- **WHAT TO PRODUCE**: Repeat the entries exactly. Leave nothing out.
(INPUT FOR THIS TASK Opens)
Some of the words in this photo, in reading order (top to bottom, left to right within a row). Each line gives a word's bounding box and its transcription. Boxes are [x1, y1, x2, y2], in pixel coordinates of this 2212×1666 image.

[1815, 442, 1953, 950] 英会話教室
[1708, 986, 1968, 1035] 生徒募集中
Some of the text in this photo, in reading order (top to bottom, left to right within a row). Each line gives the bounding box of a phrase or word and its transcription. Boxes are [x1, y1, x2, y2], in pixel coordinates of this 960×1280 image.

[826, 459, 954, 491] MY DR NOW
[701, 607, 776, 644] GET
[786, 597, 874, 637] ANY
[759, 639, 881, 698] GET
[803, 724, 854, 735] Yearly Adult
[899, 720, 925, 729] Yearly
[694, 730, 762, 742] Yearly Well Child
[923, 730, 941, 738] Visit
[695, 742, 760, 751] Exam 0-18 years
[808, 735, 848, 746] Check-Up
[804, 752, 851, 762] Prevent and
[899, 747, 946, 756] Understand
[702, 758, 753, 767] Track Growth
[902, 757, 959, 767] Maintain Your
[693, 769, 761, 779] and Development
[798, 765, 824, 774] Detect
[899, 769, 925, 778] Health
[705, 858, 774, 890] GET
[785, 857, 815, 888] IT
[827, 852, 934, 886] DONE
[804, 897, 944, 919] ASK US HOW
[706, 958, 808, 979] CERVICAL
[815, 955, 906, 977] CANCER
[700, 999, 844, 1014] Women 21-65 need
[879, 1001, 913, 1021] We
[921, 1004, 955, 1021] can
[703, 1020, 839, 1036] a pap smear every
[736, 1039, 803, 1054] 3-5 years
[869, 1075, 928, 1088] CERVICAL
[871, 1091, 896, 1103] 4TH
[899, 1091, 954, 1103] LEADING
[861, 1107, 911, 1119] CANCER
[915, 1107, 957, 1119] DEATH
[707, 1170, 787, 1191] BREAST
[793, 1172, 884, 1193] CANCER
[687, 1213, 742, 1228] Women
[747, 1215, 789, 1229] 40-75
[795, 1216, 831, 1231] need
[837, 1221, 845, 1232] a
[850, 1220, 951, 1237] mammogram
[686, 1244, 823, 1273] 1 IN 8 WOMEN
(INPUT FOR THIS TASK Closes)
- **RESULT BELOW**:
Some of the words in this photo, in reading order (top to bottom, left to right within a row). Each line gives a word's bounding box and its transcription. Boxes are [x1, y1, x2, y2], in pixel coordinates of this 2212×1666 image.

[1815, 442, 1953, 950] 英会話教室
[1708, 986, 1968, 1035] 生徒募集中
Some of the text in this photo, in reading order (top to bottom, left to right within a row). Each line gives the bounding box of a phrase or word and its transcription. Boxes are [x1, y1, x2, y2], in pixel coordinates of this 960×1280 image.

[826, 459, 954, 491] MY DR NOW
[701, 607, 776, 644] GET
[786, 597, 874, 637] ANY
[759, 639, 881, 698] GET
[803, 724, 854, 735] Yearly Adult
[899, 720, 925, 729] Yearly
[694, 730, 762, 742] Yearly Well Child
[923, 730, 941, 738] Visit
[695, 742, 760, 751] Exam 0-18 years
[808, 735, 848, 746] Check-Up
[804, 752, 851, 762] Prevent and
[899, 747, 946, 756] Understand
[702, 758, 753, 767] Track Growth
[902, 757, 959, 767] Maintain Your
[693, 769, 761, 779] and Development
[798, 765, 824, 774] Detect
[899, 769, 925, 778] Health
[705, 858, 774, 890] GET
[785, 857, 815, 888] IT
[827, 852, 934, 886] DONE
[804, 897, 944, 919] ASK US HOW
[706, 958, 808, 979] CERVICAL
[815, 955, 906, 977] CANCER
[700, 999, 844, 1014] Women 21-65 need
[879, 1001, 913, 1021] We
[921, 1004, 955, 1021] can
[703, 1020, 839, 1036] a pap smear every
[736, 1039, 803, 1054] 3-5 years
[869, 1075, 928, 1088] CERVICAL
[871, 1091, 896, 1103] 4TH
[899, 1091, 954, 1103] LEADING
[861, 1107, 911, 1119] CANCER
[915, 1107, 957, 1119] DEATH
[707, 1170, 787, 1191] BREAST
[793, 1172, 884, 1193] CANCER
[687, 1213, 742, 1228] Women
[747, 1215, 789, 1229] 40-75
[795, 1216, 831, 1231] need
[837, 1221, 845, 1232] a
[850, 1220, 951, 1237] mammogram
[686, 1244, 823, 1273] 1 IN 8 WOMEN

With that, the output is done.